-------- TASK INPUT
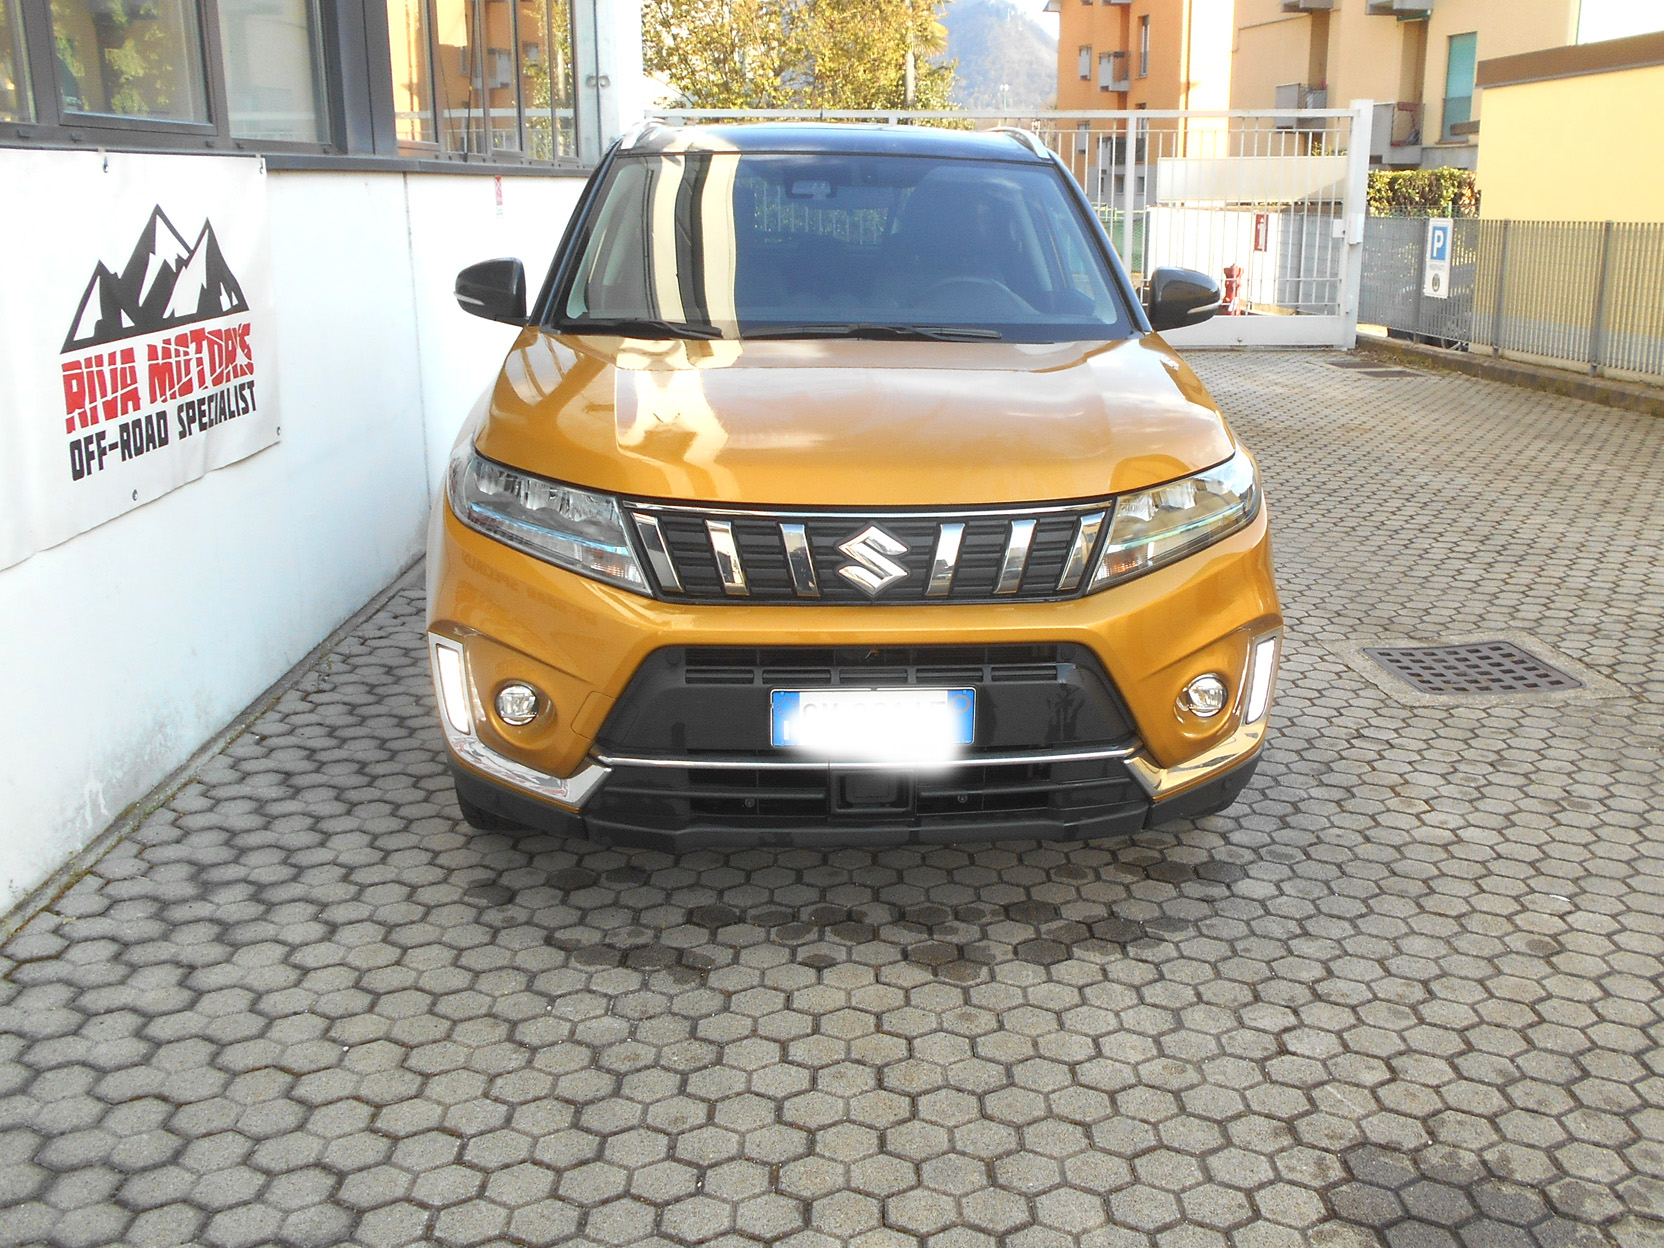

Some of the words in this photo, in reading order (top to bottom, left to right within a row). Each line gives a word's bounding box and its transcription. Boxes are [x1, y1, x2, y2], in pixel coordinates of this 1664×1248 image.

[1433, 230, 1445, 257] P
[61, 347, 141, 434] RIVA
[69, 410, 169, 481] OFF-ROAD
[177, 380, 256, 440] SPECIALIST
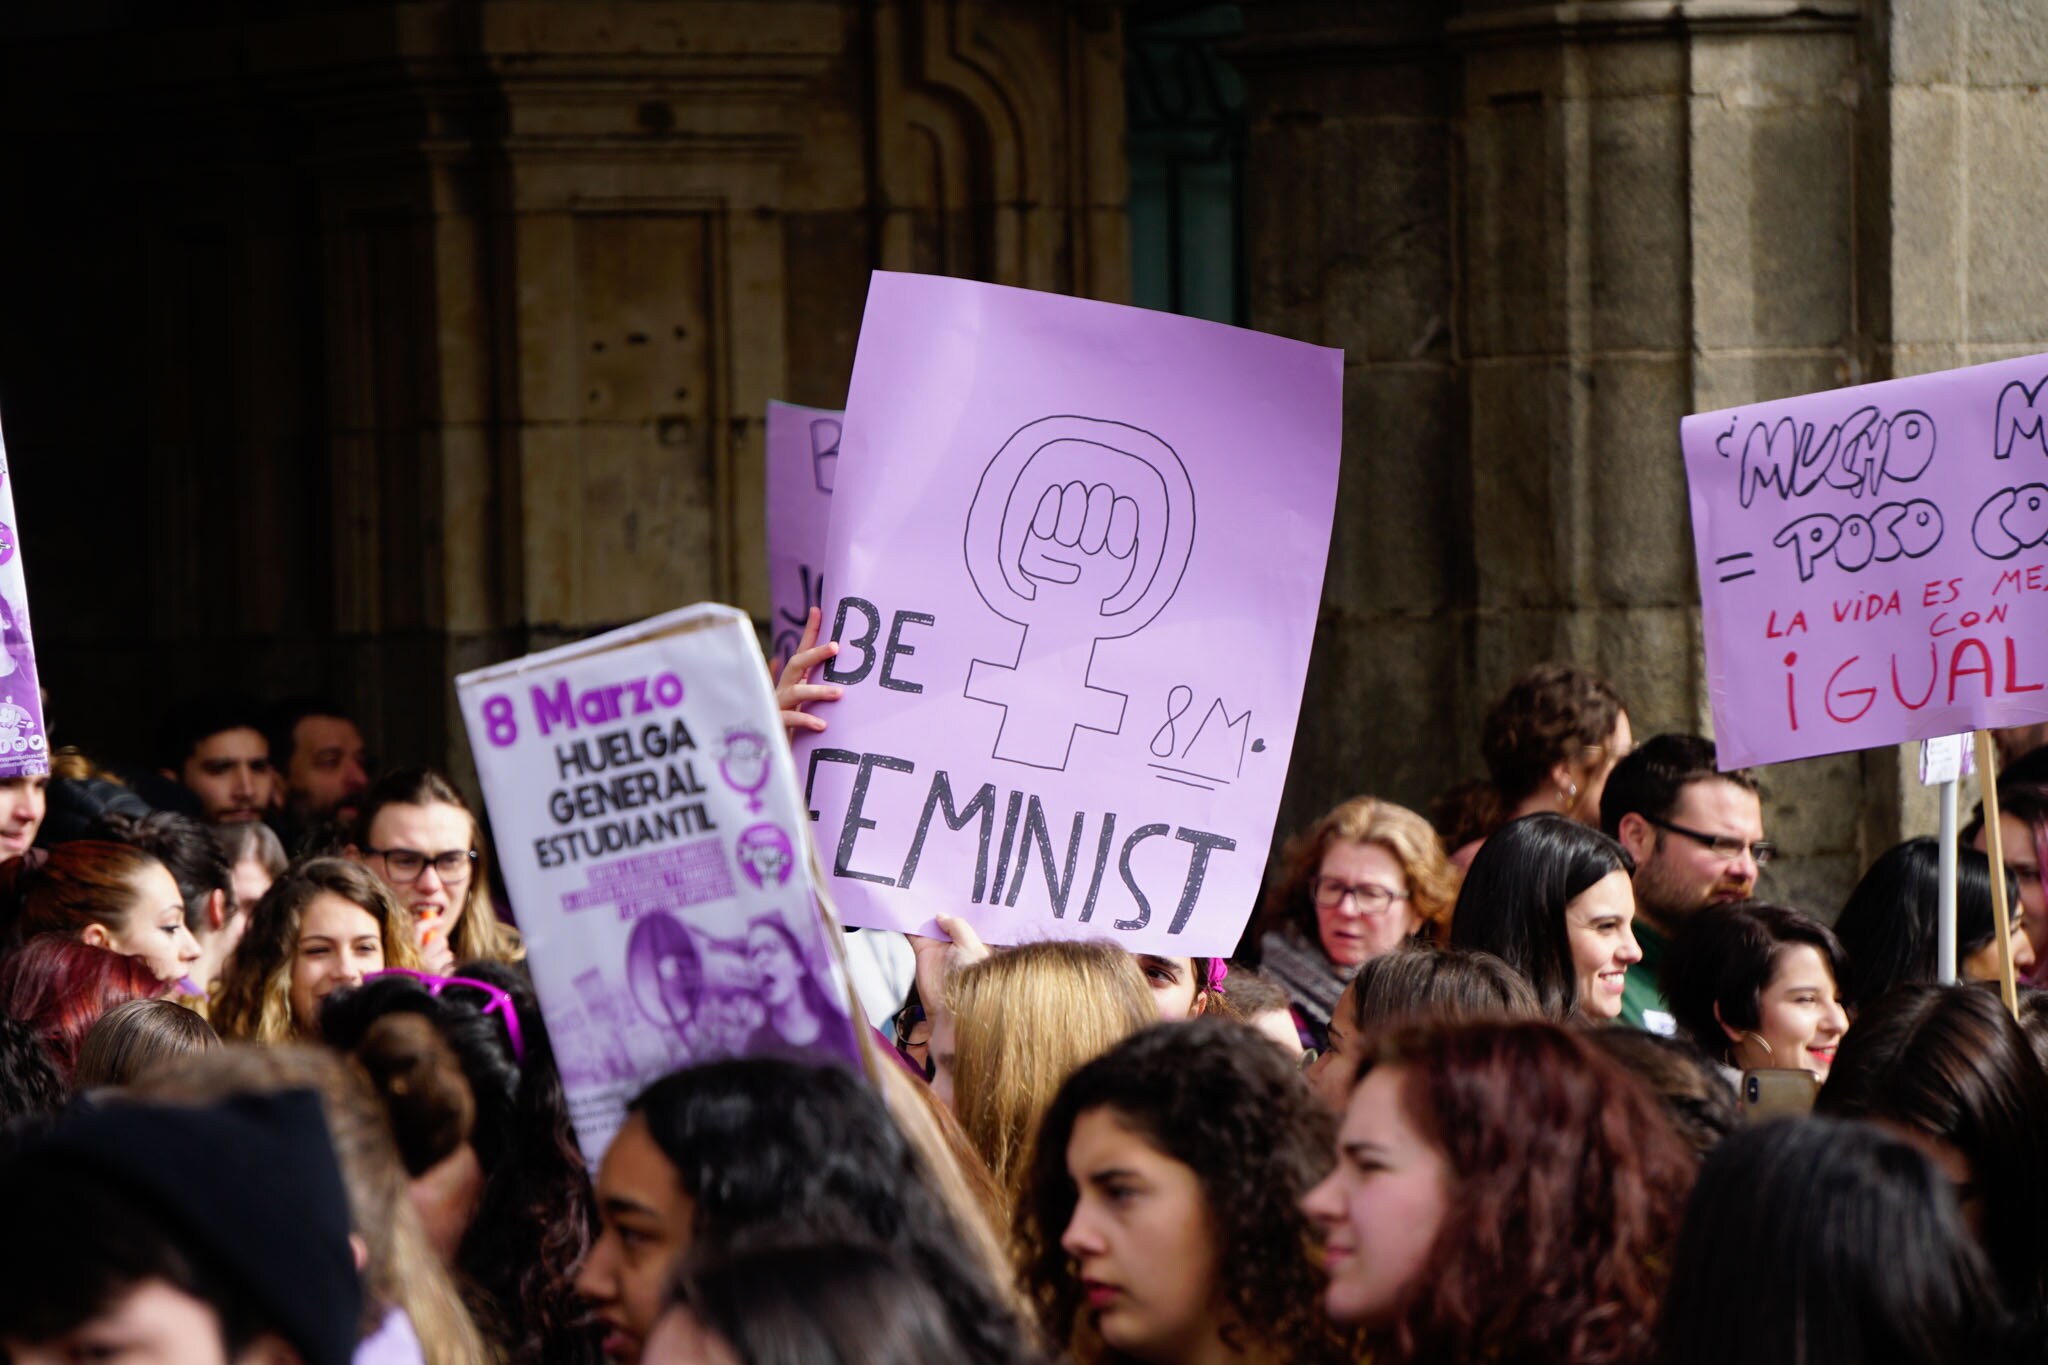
----------------
What is needed is an exact transcription of every entry, minus the pictures.

§ **SOLUTION**
Some of the words in this photo, in reading order (top to bottom, left to right within a row). Each line gives a word's bounding box and its transcription. Boxes are [x1, y1, x2, y2], in pixel coordinates of this 1664×1248 image.

[1433, 230, 1445, 257] P
[61, 347, 141, 434] RIVA
[69, 410, 169, 481] OFF-ROAD
[177, 380, 256, 440] SPECIALIST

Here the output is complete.